The way that the turn “cyberwar” has been reported has been by officials and computer insecurity companies who have been telling the world+dog that that armies of hackers are stealing online secrets and using the Internet to attack infrastructure such as power grids.
However, this week some security analysts said that “cyberwarfare” is such a broadly used term that it might be hurting efforts by countries to agree how to cooperate on Internet security.
Last month the United Nations rejected a Russian proposal for a new treaty on cybercrime.
Scott Charney, vice president of Microsoft Trustworthy Computing Group, told the Worldwide Cybersecurity Summit that there’s confusion in these treaty negotiations because of lack of clarity about which problems they’re trying to solve.

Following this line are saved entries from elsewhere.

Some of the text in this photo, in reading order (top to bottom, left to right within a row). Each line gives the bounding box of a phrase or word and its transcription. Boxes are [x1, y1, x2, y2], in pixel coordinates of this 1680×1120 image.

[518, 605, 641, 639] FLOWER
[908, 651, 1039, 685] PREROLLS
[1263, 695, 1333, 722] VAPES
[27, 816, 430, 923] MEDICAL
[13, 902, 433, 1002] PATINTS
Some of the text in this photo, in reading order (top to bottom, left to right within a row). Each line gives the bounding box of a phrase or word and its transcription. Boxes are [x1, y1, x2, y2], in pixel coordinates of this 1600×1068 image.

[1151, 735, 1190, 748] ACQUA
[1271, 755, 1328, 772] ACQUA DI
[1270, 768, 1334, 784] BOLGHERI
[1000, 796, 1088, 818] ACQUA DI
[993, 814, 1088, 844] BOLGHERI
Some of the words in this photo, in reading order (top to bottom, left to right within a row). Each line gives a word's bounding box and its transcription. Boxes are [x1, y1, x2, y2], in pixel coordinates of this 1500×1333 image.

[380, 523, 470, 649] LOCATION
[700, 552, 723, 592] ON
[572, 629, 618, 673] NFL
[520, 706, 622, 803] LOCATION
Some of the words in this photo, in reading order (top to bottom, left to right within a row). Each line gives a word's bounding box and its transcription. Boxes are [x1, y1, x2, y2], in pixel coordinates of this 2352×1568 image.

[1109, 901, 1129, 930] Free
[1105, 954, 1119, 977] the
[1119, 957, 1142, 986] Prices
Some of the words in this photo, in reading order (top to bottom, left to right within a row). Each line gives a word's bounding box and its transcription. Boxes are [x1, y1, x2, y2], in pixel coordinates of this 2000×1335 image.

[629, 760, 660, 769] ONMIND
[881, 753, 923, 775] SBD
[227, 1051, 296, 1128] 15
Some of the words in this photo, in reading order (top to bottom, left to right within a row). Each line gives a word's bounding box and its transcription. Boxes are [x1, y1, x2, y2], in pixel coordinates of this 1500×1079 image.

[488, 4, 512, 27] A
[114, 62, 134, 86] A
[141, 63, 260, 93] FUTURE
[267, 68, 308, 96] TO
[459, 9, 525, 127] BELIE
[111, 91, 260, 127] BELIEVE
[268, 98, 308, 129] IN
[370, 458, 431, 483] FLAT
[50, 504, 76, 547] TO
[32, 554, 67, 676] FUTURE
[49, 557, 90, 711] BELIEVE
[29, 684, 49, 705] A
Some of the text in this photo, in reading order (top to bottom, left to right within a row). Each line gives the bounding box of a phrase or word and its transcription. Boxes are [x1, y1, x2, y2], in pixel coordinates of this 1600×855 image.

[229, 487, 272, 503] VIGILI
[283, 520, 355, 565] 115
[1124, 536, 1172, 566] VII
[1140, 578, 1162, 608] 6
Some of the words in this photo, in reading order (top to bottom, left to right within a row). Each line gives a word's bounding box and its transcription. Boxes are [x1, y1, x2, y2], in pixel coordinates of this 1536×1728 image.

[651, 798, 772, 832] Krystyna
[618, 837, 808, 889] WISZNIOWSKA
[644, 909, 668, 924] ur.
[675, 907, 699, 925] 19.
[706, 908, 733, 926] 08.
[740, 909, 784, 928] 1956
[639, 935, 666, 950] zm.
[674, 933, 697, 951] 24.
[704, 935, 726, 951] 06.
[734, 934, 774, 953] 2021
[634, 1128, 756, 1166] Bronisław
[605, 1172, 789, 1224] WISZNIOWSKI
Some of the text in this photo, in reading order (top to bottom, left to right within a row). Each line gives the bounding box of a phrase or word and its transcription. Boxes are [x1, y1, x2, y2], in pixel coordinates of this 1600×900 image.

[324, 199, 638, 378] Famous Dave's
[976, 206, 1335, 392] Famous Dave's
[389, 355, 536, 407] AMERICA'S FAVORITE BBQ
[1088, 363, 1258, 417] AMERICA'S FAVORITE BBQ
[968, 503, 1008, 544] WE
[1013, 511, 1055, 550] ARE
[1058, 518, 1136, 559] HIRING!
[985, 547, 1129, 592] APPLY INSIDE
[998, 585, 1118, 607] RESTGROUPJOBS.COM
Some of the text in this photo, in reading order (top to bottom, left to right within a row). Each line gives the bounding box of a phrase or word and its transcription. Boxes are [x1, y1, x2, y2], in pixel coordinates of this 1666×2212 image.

Cyberwar is a catchall phrase: It’s often used to refer to everything from purely financial crimes to computer attacks that could kill people by blowing up an oil pipeline.
BT chief security technology officer and an influential security blogger Bruce Schneier pointed out that attacks last summer that knocked out service to government Web sites in the United States and South Korea were also widely called acts of cyberwar, even though they were essentially harmless.
The White House’s cybersecurity coordinator, Howard Schmidt, has called “cyberwar” an inaccurate metaphor, given that many computer attacks are criminal acts aimed at stealing money.
This shifts something which should be a security issue into one of national importance that only involves governments.
Charney said cyber threats should be better differentiated. He proposes four categories: conventional computer crimes, military espionage, economic espionage and cyberwarfare. That approach, he argues, would make it easier to craft defenses and to discuss international solutions to each problem.
However Charney said that the nature of the internet makes it possible that “a nation-state might well find itself ‘at war’ with a single individual.” As a result, he wrote, new rules for such combat have to be considered.